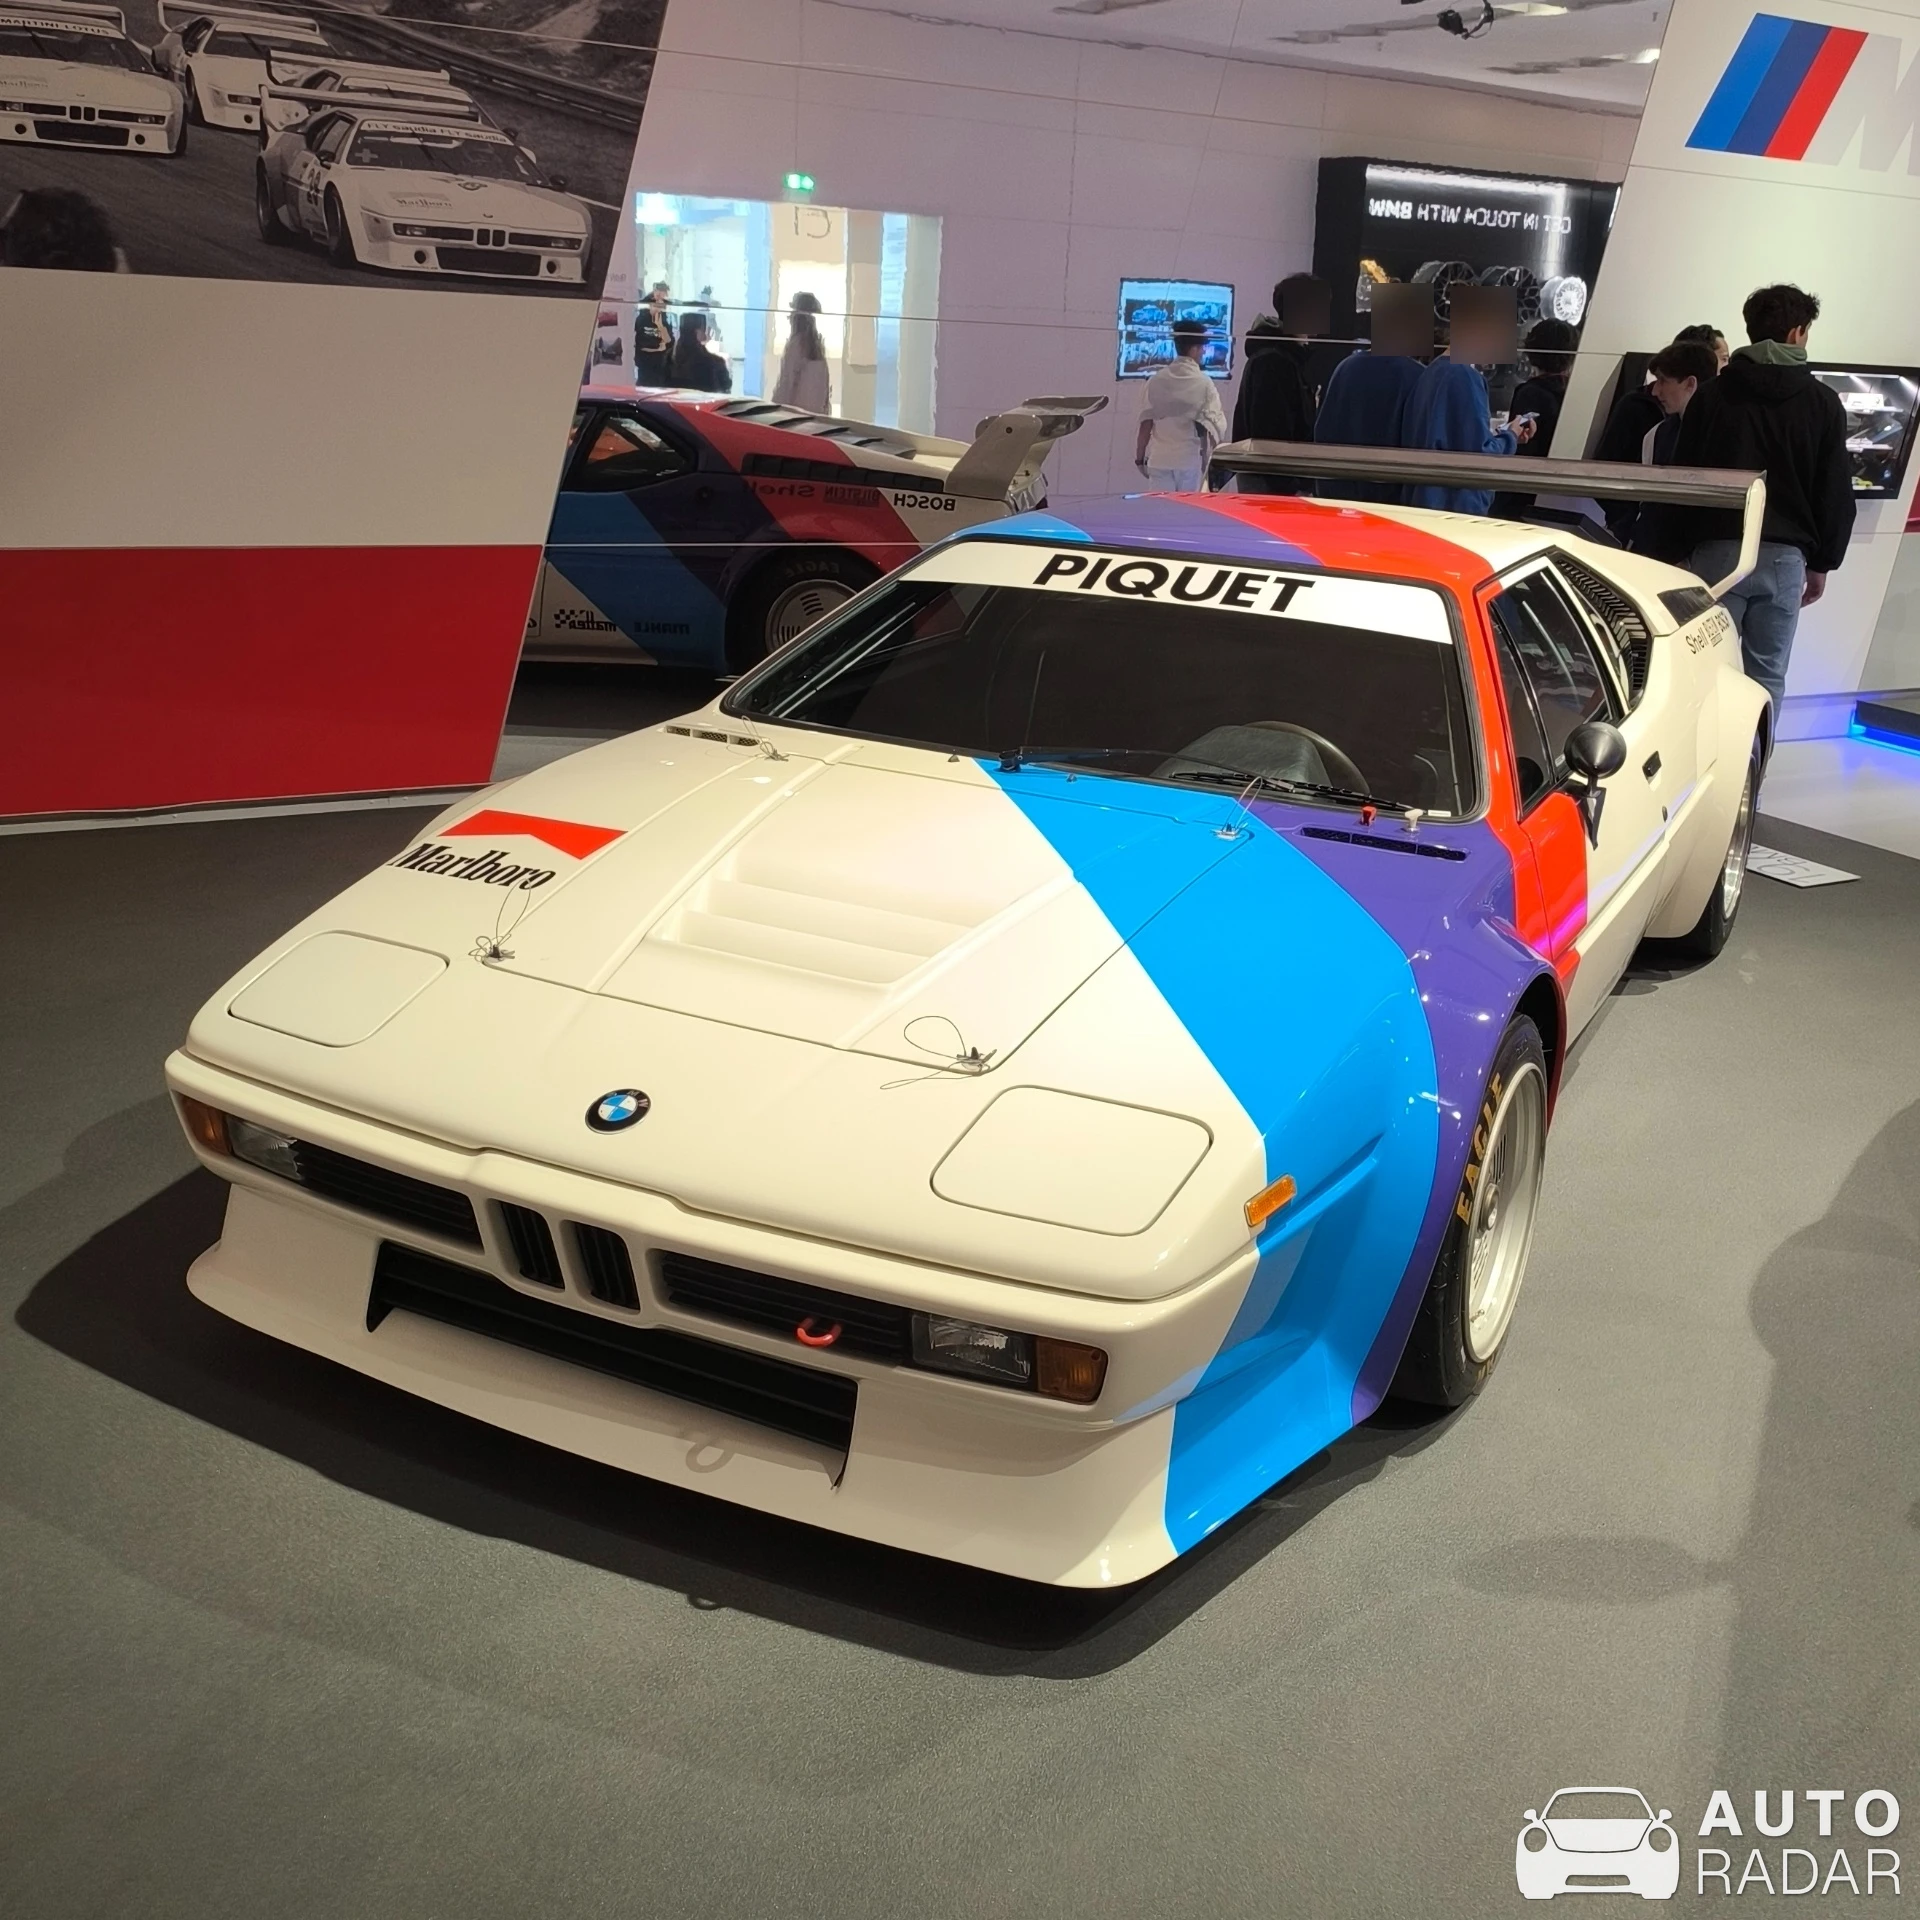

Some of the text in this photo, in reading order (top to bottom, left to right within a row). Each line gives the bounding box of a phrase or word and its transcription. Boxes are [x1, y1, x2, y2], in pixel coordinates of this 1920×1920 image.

[367, 122, 389, 130] FLY
[440, 127, 460, 137] FLY
[1032, 553, 1316, 613] PIQUET
[1685, 627, 1709, 654] Shell
[387, 843, 556, 890] Marlboro
[1456, 1072, 1503, 1226] EAGLE
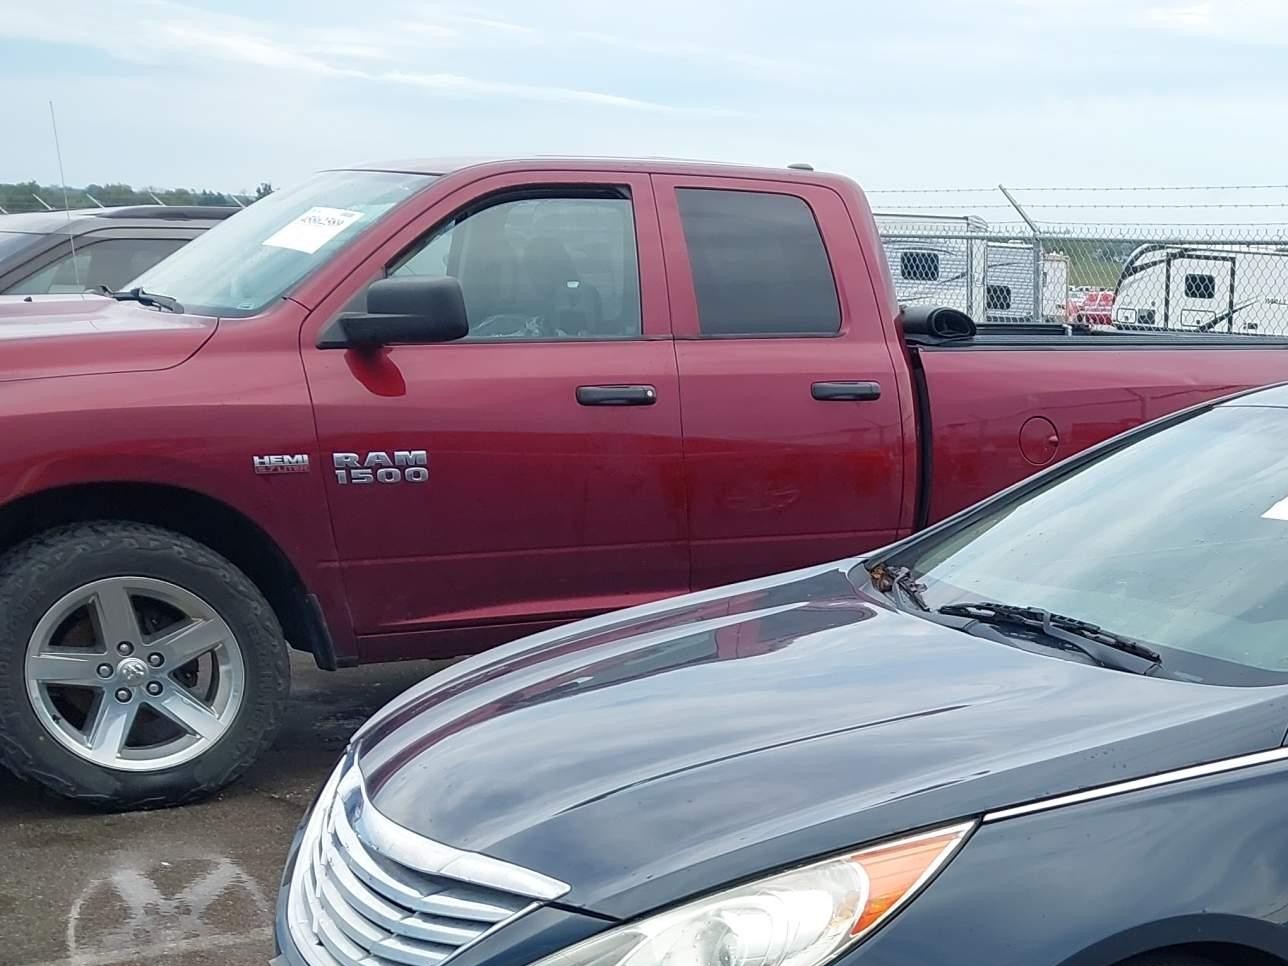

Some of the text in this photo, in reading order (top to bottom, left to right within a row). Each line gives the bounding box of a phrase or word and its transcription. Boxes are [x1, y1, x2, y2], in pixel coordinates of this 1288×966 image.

[253, 454, 309, 466] HEMI
[333, 450, 428, 469] RAM
[335, 467, 429, 485] 1500
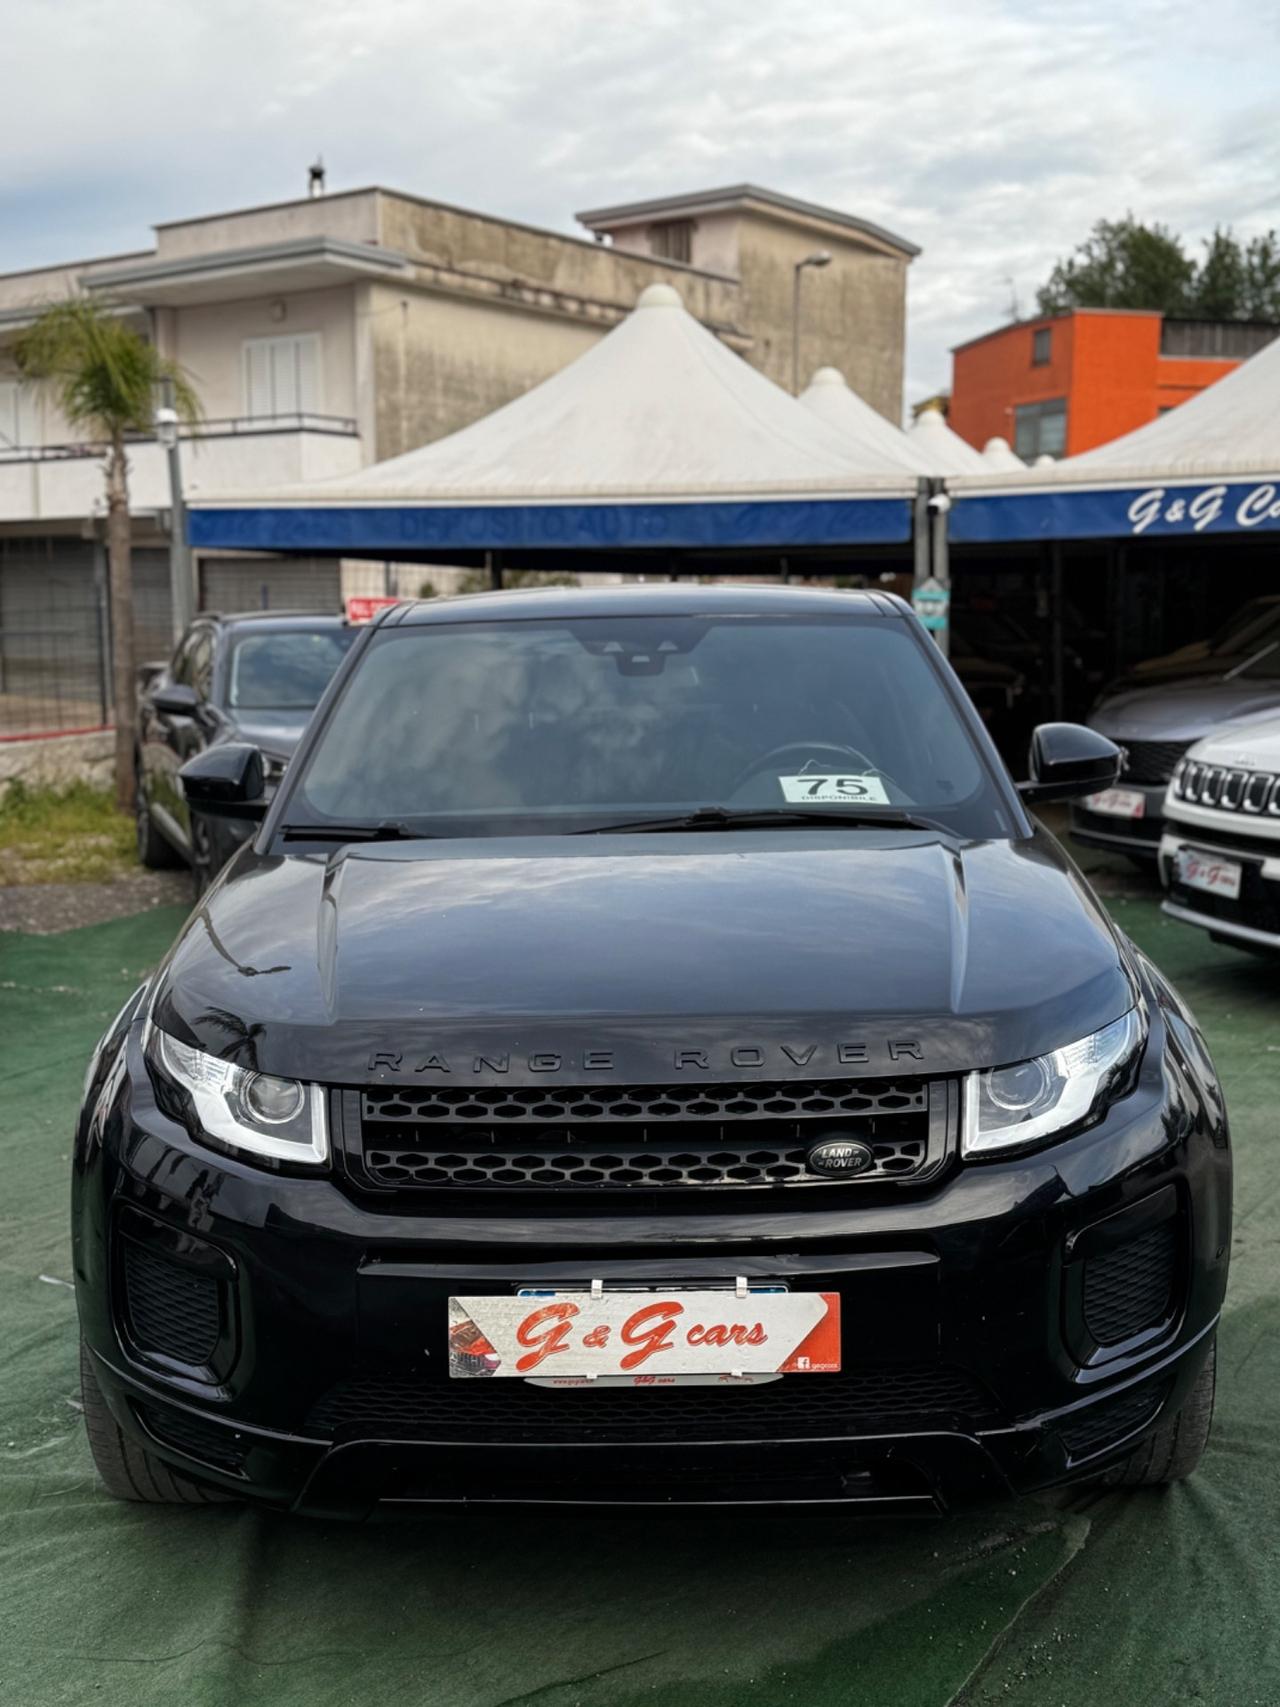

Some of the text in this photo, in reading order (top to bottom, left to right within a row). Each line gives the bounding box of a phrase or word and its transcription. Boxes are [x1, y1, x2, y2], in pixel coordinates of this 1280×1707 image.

[797, 778, 868, 796] 75
[367, 1040, 925, 1073] RANGE ROVER
[821, 1148, 852, 1158] LAND
[825, 1157, 862, 1168] ROVER
[515, 1302, 580, 1372] G
[620, 1301, 684, 1371] G
[686, 1321, 769, 1347] cars
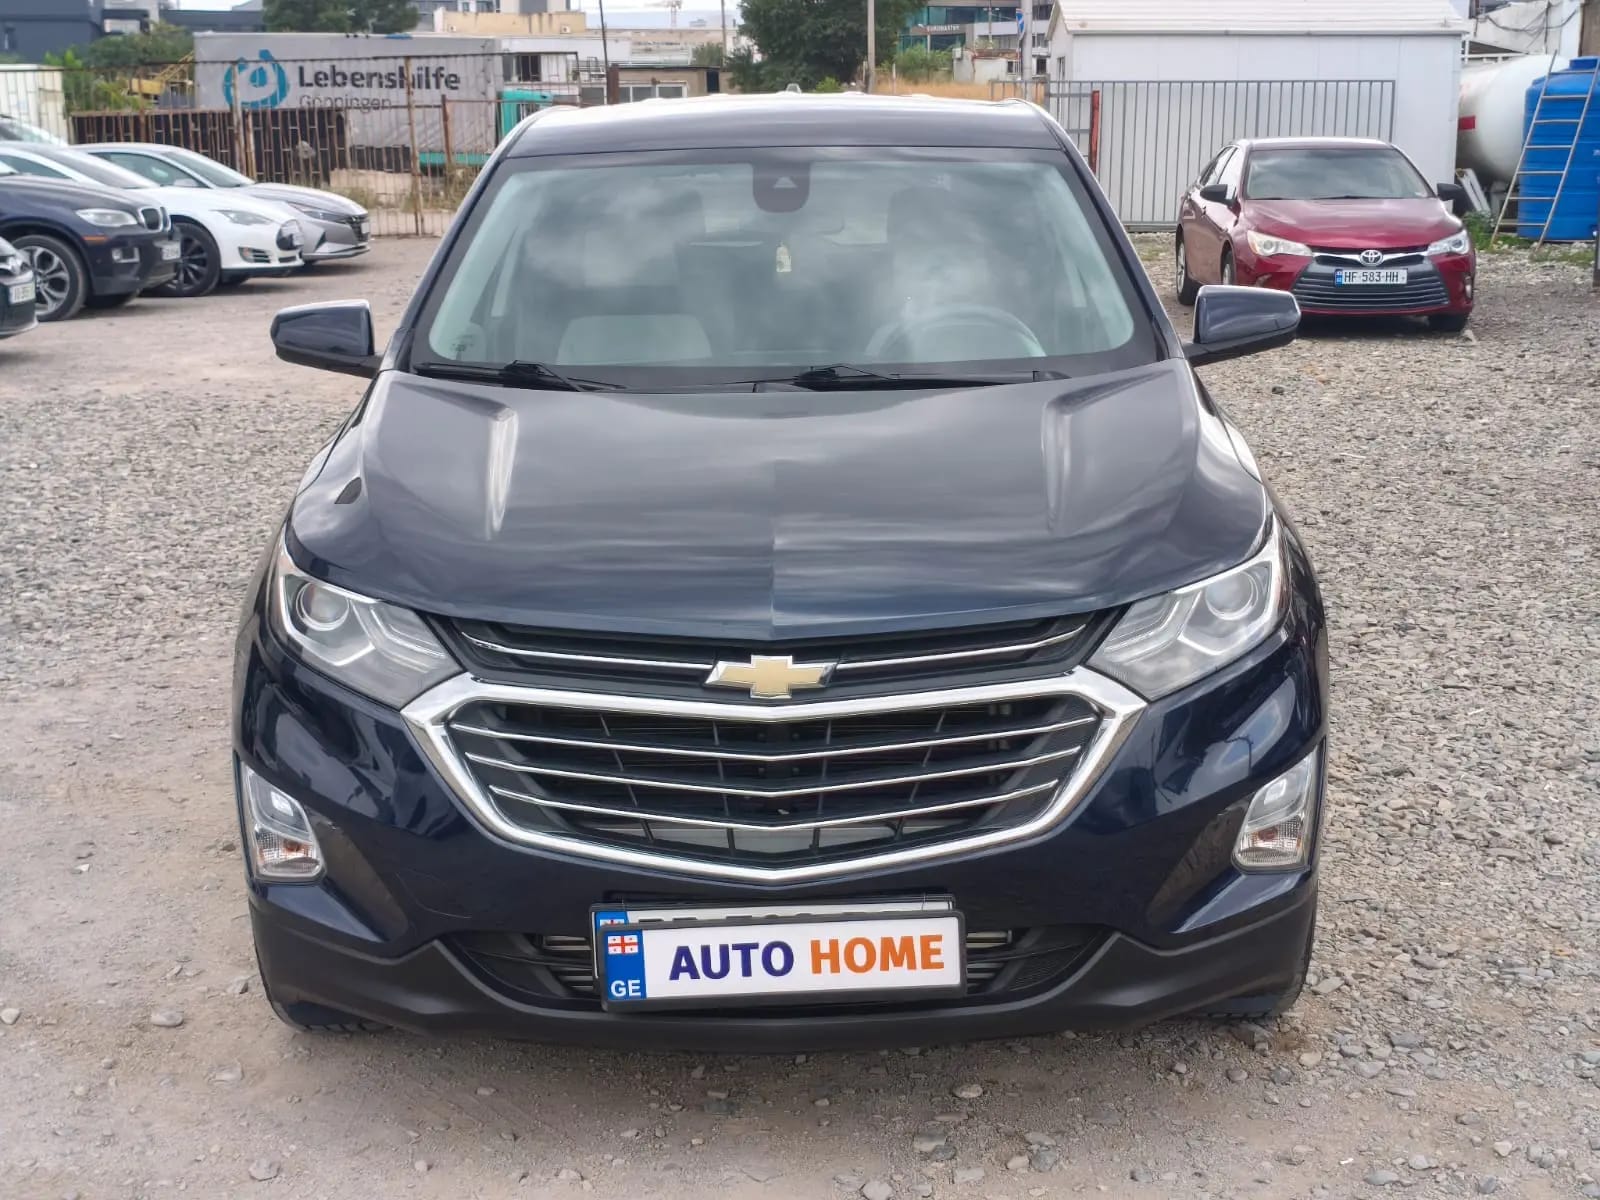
•••
[Problem to solve] Skip the pictures and output all entries exactly.

[Result]
Some of the text in this photo, in reading order (top to bottom, left to right within a row). Each line gives the bounding box of a phrase or word and its transcription. Boxes are [x1, y1, x2, y2], in pixel coordinates of this 1920×1920 image.

[367, 122, 389, 130] FLY
[440, 127, 460, 137] FLY
[1032, 553, 1316, 613] PIQUET
[1685, 627, 1709, 654] Shell
[387, 843, 556, 890] Marlboro
[1456, 1072, 1503, 1226] EAGLE

Some of the text in this photo, in reading order (top to bottom, left to right within a row). Each line gives the bounding box of a phrase or word and its transcription. Boxes are [x1, y1, x2, y2], in pixel coordinates of this 1288×966 image.

[253, 454, 309, 466] HEMI
[333, 450, 428, 469] RAM
[335, 467, 429, 485] 1500

Some of the text in this photo, in reading order (top to bottom, left to right within a row). Each line gives the bounding box of a phrase or word and its transcription. Boxes are [x1, y1, x2, y2], in pixel coordinates of this 1280×1707 image.

[797, 778, 868, 796] 75
[367, 1040, 925, 1073] RANGE ROVER
[821, 1148, 852, 1158] LAND
[825, 1157, 862, 1168] ROVER
[515, 1302, 580, 1372] G
[620, 1301, 684, 1371] G
[686, 1321, 769, 1347] cars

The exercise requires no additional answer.